Use Case 1: Interlinking of Toponyms and Addresses
Commercial application: Geomarketing, Geocoding, Cadastration
The task of the use case the automatic identification of the same spatio-textual entities between two data sources. The problem is also known as entity matching/resolution, record linkage or de-duplication. In our setting, the task applies to both toponyms identified in proprietary cadastral and geomarketing databases and open databases (e.g. Geonames), as well as to Points of Interest (POIs) in proprietary geomarketing and open databases (OpenStreetMap). One of the challenges in interlinking spatio-textual entities is the fact that, often, their coordinates are either unreliable or not adequate to definitely decide whether two entities refer to the same real world entity. Thus, the name, as well as additional textual metadata that might be available, play a crucial role in interlinking spatio-textual entities. In this line of work, we extend traditional, string-similarity based training features with additional, domain based features and combine them with machine learning algorithms, so as to classify candidate pairs of POIs or toponyms as matching or non-matching.
Check our GitHub Toponym Interlinking repository for the first results of our work!
Use Case 2: Annotation of Points of Interest
Commercial application: Geomarketing, Geocoding
The task of the use case is the automatic annotation of Points of Interest (POIs) with categories from a predefined category hierarchy. The representation of the POIs at hand consists solely on the name and the pair of spatial coordinates (point coordinates) of the POI. The existence of only two, basic POI attributes renders the problem particularly challenging. In order to overcome this, we interlink the POIs at hand with neighboring POI information, as well as with POIs from OpenStreetMap, increasing the “contextual” information of our POIs, and allowing the extraction of more meaningful features, to be fed into machine learning models.
Check our GitHub POI Classification repository for the first results of our work!

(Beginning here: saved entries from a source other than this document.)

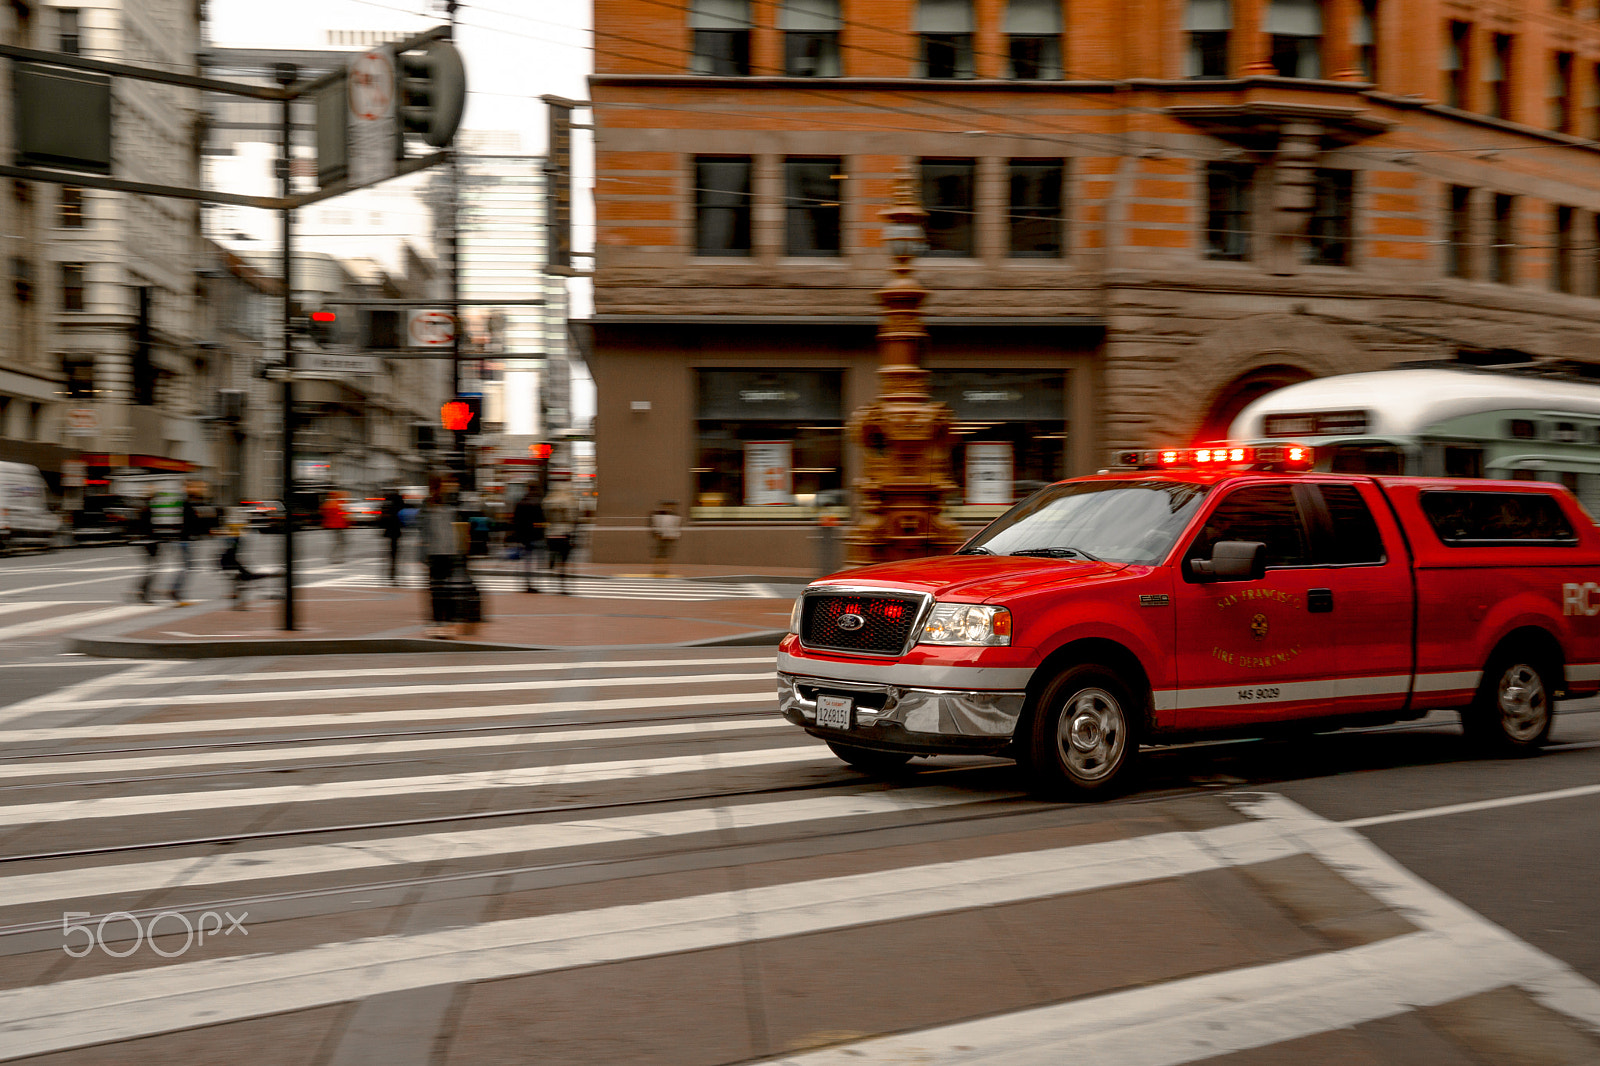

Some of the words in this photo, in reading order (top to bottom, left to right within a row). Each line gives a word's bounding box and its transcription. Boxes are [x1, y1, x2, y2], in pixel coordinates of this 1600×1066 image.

[1217, 594, 1238, 611] SAN
[1241, 589, 1301, 609] FRANCISCO
[1562, 582, 1600, 616] RC
[1212, 646, 1235, 665] FIRE
[1240, 644, 1303, 668] DEPARTMENT
[1238, 689, 1253, 700] 145

Use Case 3: Geocoding of Addresses
Commercial application: Geocoding, Geomarketing
The task of the use case is the accurate geocoding of addresses, that is, the identification of the exact (X,Y) coordinates of a POI, given as input only the POI’s address (street name and number, city, zip code). To this end, we examine the optimal way to combine geocoding results from several Geocoders (ArcGIS, Nominatim, proprietary geocoder of Eratosthenis S.A.), by learning machine learning models to select the most fitting coordinates, or to optimally combine them.
Use Case 4: Integration of Land Parcels and Roads
Commercial application: Cadastration
The task of the use case is the integration of information from multiple land parcels, so as to annotate the category of the final parcel that is derived from them. Specifically, land parcels describing the same property are available from several sources. These sources are created in largely different time periods, focus on different aspects of the property and present differences in their timeliness and accuracy with respect to representing the geometry of the current property. In this scenario, we focus on learning models that are able to compare the individual, initial parcels, with the final one and derive a categorization of the final parcel, that depends on which initial parcel has mostly contributed into deriving the final parcel.

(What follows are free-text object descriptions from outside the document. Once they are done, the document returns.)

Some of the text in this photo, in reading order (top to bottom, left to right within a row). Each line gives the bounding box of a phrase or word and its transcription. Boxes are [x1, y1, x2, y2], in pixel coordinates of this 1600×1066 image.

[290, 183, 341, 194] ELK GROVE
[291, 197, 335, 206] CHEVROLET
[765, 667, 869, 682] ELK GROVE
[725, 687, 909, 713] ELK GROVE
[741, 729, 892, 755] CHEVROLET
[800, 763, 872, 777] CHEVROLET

An additional task of the use case is the interlinking/integration of road segments from two different sources. In this scenario, the first source is considered the most reliable regarding the road segments it contains, while the second source contains more inaccurate information, however, might contain additional roads, not included in the first source. The goal is to learn models that can identify whether a road segment of the second source corresponds to a respective segment of the first source, or it is a new segment.